#### ACTIVITY:
Exactly as written, please set down all of the entries again, with no pictures.
*** Block opens ***
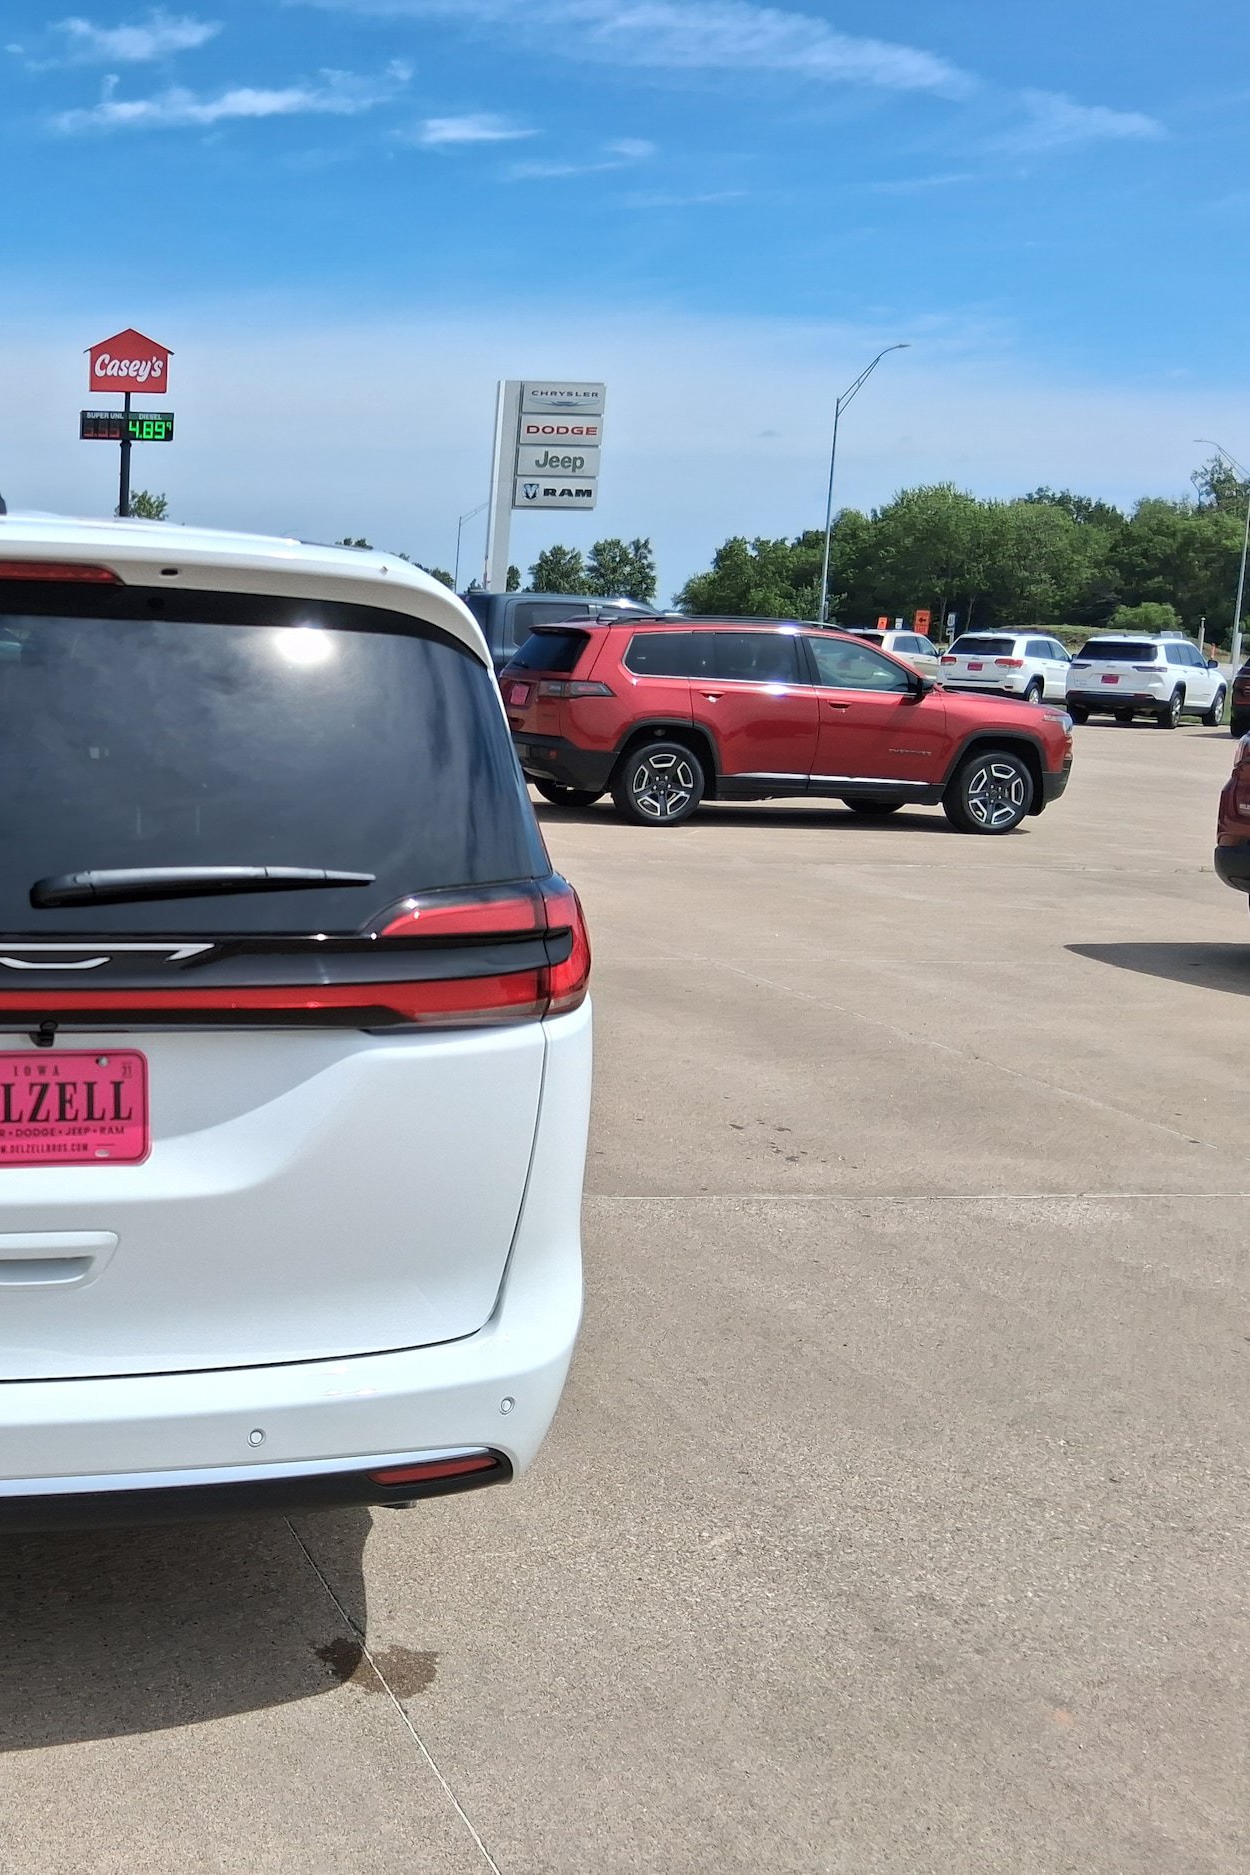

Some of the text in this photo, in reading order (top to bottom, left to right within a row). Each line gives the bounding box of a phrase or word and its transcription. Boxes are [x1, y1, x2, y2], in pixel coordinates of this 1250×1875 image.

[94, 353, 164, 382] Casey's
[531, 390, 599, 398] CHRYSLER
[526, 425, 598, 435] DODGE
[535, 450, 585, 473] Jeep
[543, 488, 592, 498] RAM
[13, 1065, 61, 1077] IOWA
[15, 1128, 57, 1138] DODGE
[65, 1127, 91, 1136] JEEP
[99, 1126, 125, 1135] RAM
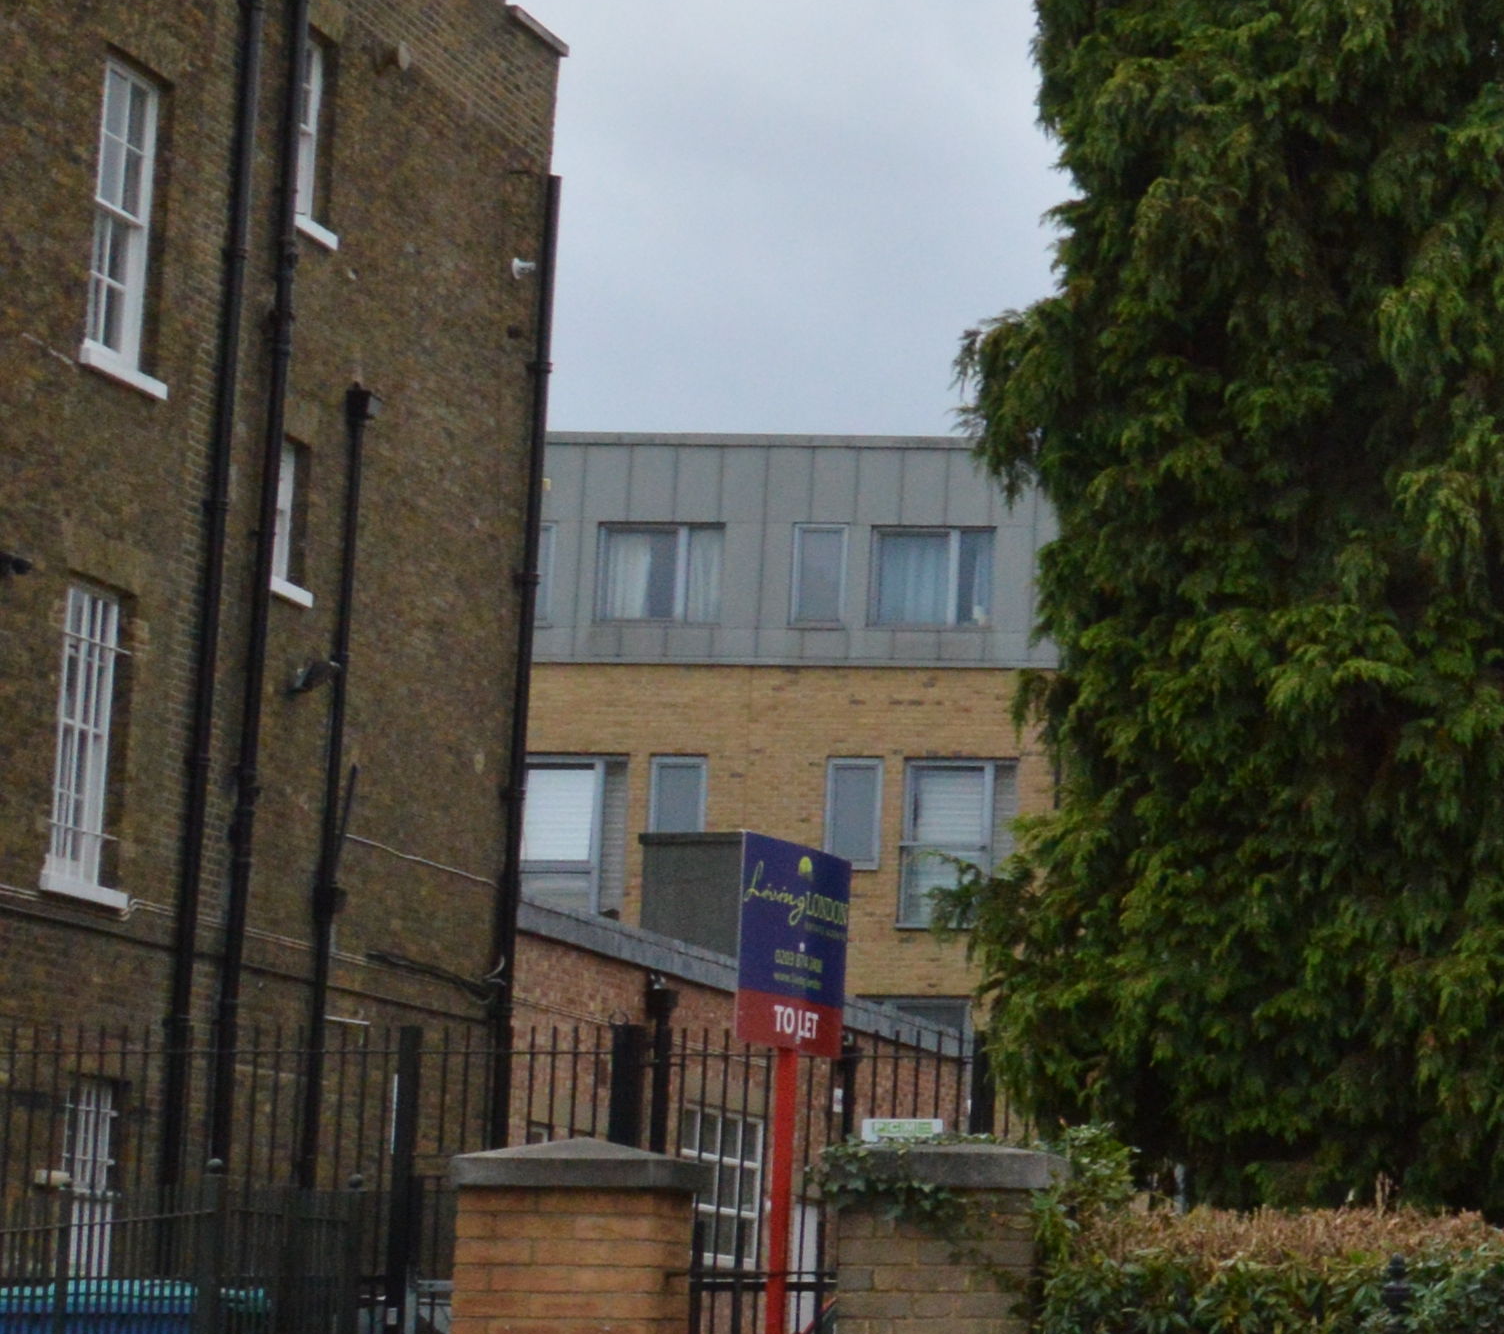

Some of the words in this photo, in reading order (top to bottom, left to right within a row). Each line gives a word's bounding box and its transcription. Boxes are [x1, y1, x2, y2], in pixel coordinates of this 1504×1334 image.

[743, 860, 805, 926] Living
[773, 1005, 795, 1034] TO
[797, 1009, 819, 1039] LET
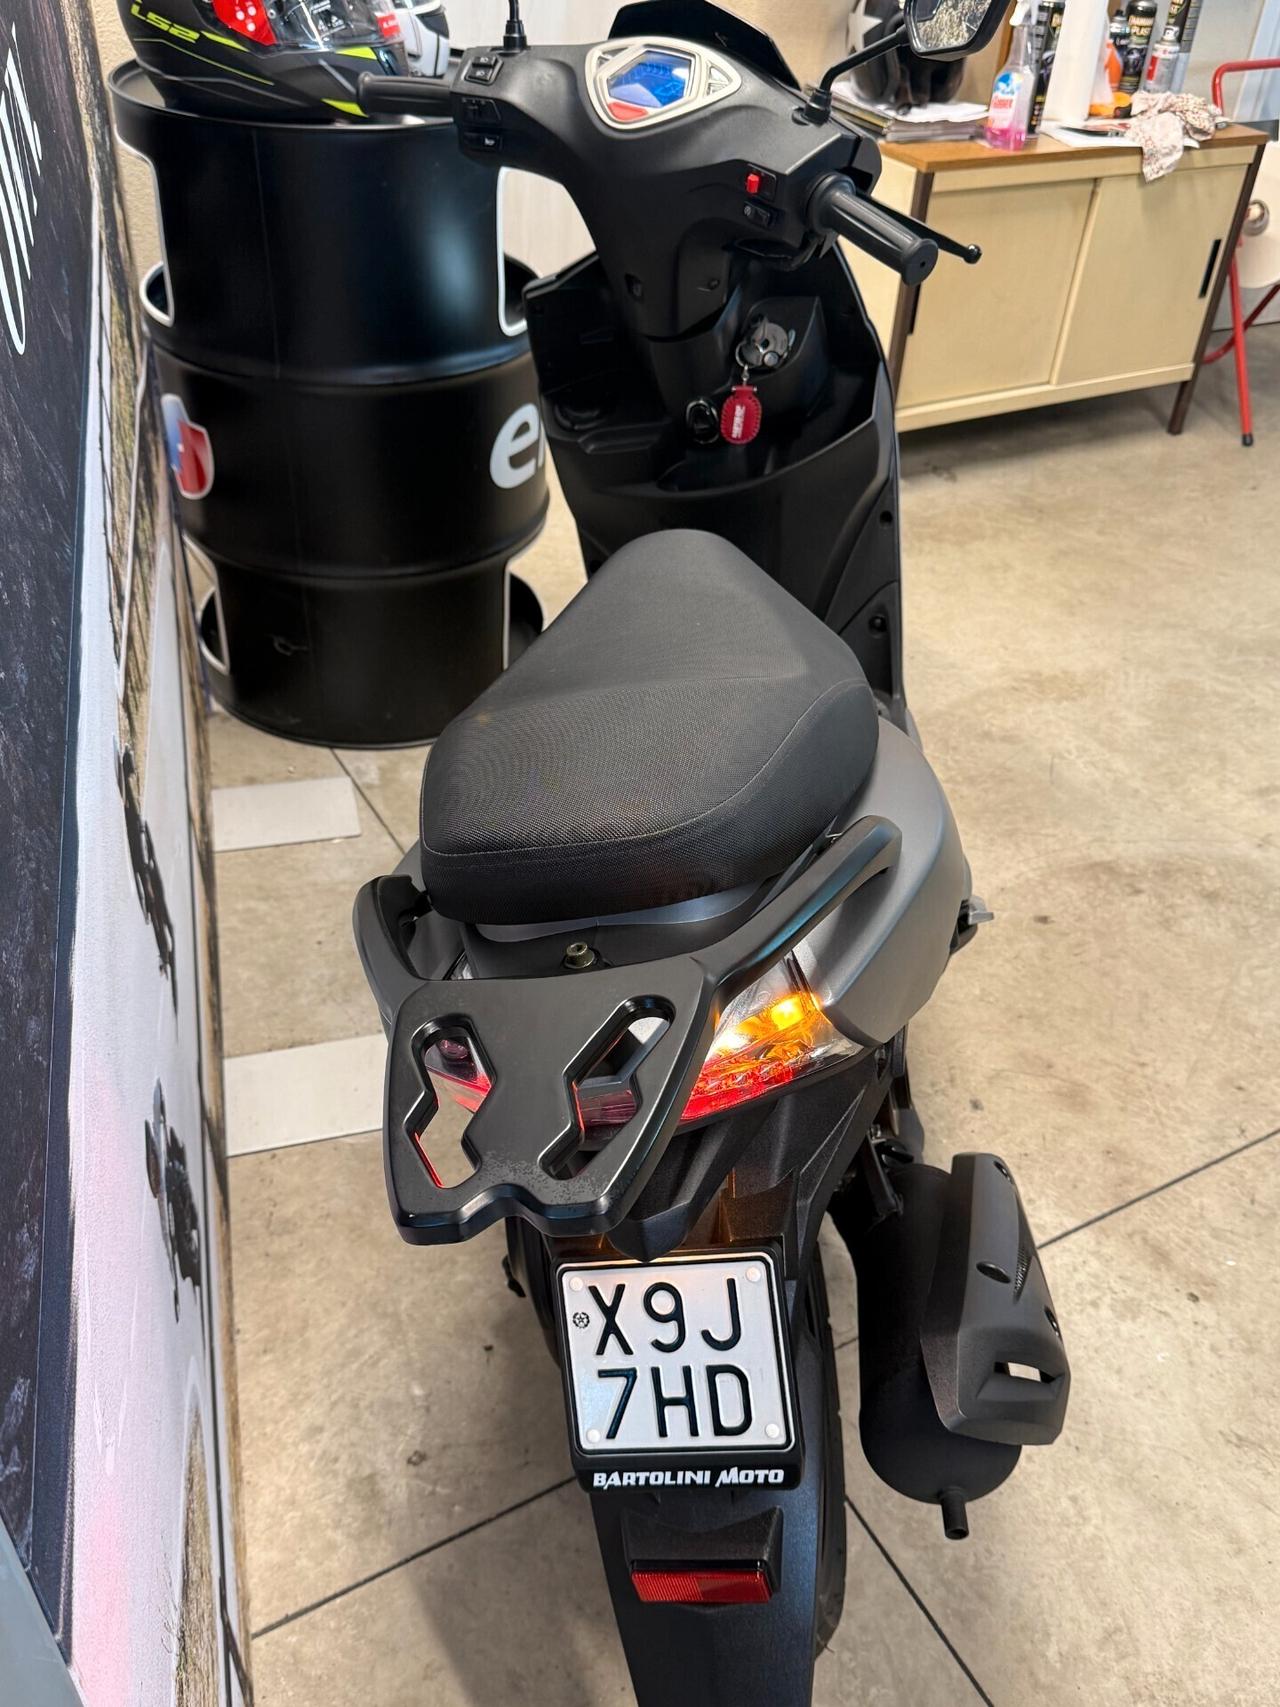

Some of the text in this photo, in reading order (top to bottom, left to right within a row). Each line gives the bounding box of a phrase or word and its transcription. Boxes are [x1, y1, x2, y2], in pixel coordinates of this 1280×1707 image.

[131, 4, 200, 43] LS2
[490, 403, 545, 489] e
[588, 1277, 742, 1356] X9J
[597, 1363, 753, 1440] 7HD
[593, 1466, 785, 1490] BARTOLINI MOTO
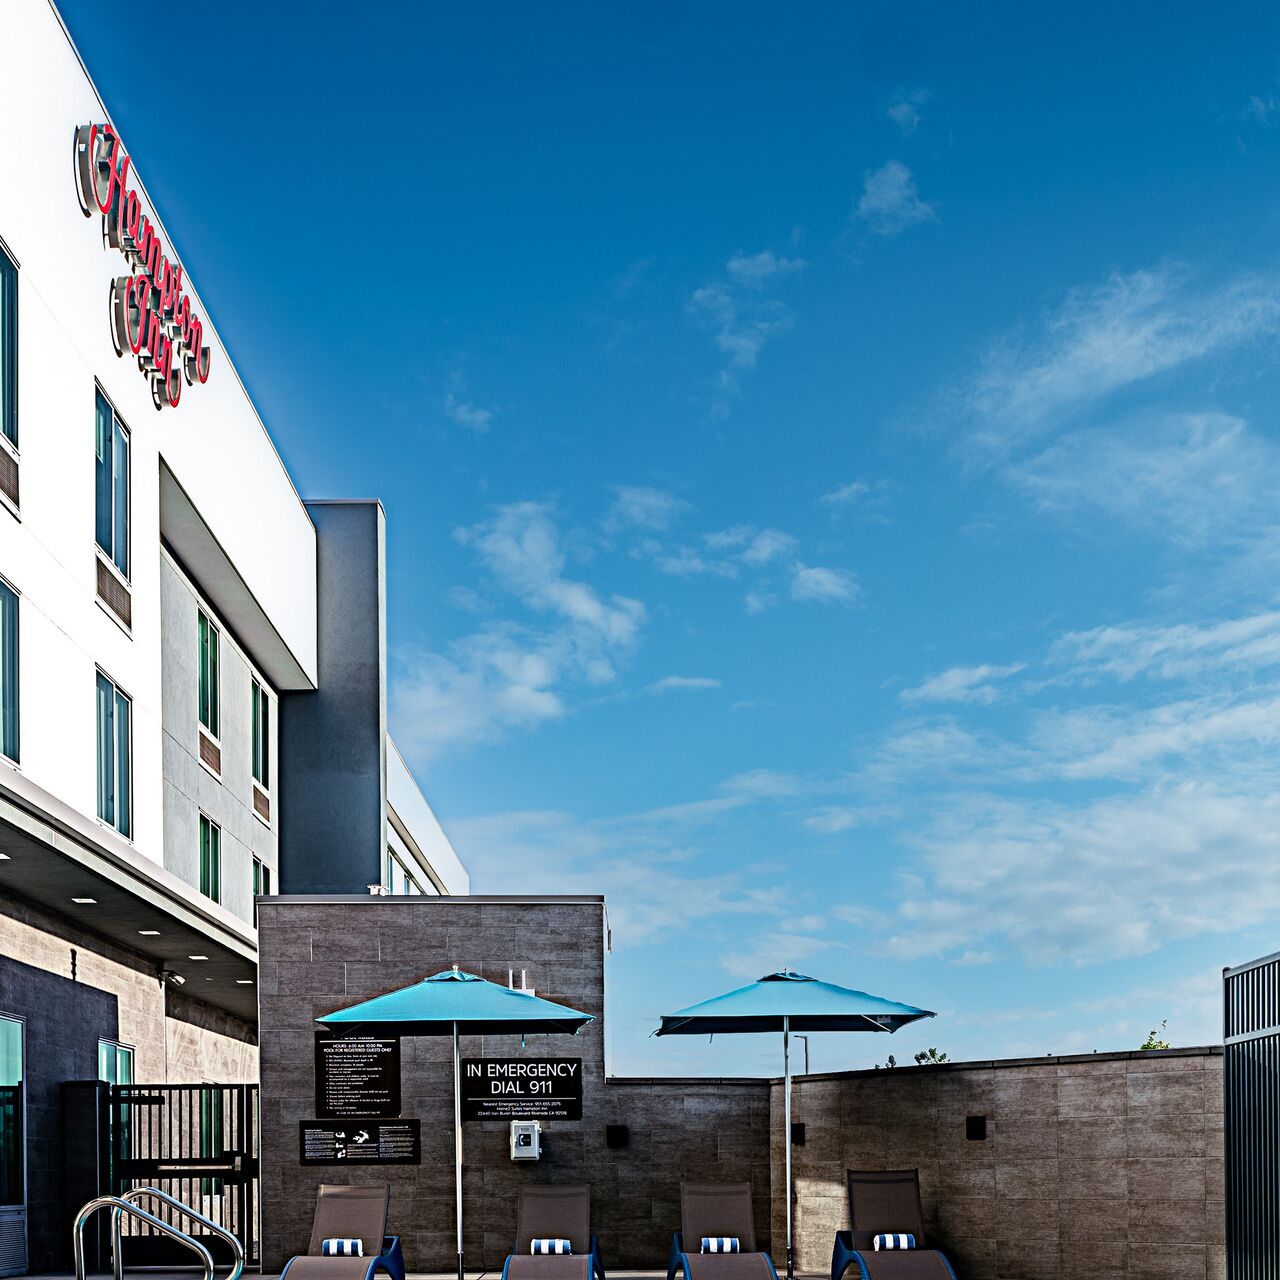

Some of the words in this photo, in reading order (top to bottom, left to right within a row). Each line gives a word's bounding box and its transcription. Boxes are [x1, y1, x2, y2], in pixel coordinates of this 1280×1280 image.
*** Block closes ***
#### OUTPUT BELOW:
Some of the text in this photo, in reading order (top to bottom, left to right within a row). Each line gives the bounding box of a phrase or word and its transcription. Boxes are [x1, y1, x2, y2], in pixel coordinates of this 1250×1875 image.

[94, 353, 164, 382] Casey's
[531, 390, 599, 398] CHRYSLER
[526, 425, 598, 435] DODGE
[535, 450, 585, 473] Jeep
[543, 488, 592, 498] RAM
[13, 1065, 61, 1077] IOWA
[15, 1128, 57, 1138] DODGE
[65, 1127, 91, 1136] JEEP
[99, 1126, 125, 1135] RAM

Some of the words in this photo, in reading order (top to bottom, left to right within a row). Each line gives a word's bounding box and its transcription. Boxes are [x1, y1, x2, y2], in pixel coordinates of this 1504×1334 image.

[743, 860, 805, 926] Living
[773, 1005, 795, 1034] TO
[797, 1009, 819, 1039] LET

Some of the text in this photo, in reading order (top to bottom, left to right within a row). Each line gives the bounding box of a phrase or word and its transcription. Boxes are [x1, y1, x2, y2], in pixel coordinates of this 1280×1707 image.

[131, 4, 200, 43] LS2
[490, 403, 545, 489] e
[588, 1277, 742, 1356] X9J
[597, 1363, 753, 1440] 7HD
[593, 1466, 785, 1490] BARTOLINI MOTO

Some of the words in this photo, in reading order (top to bottom, left to right within a row). Each line gives a word's bounding box and its transcription. Boxes are [x1, y1, x2, y2], in pixel coordinates of this 1280×1280 image.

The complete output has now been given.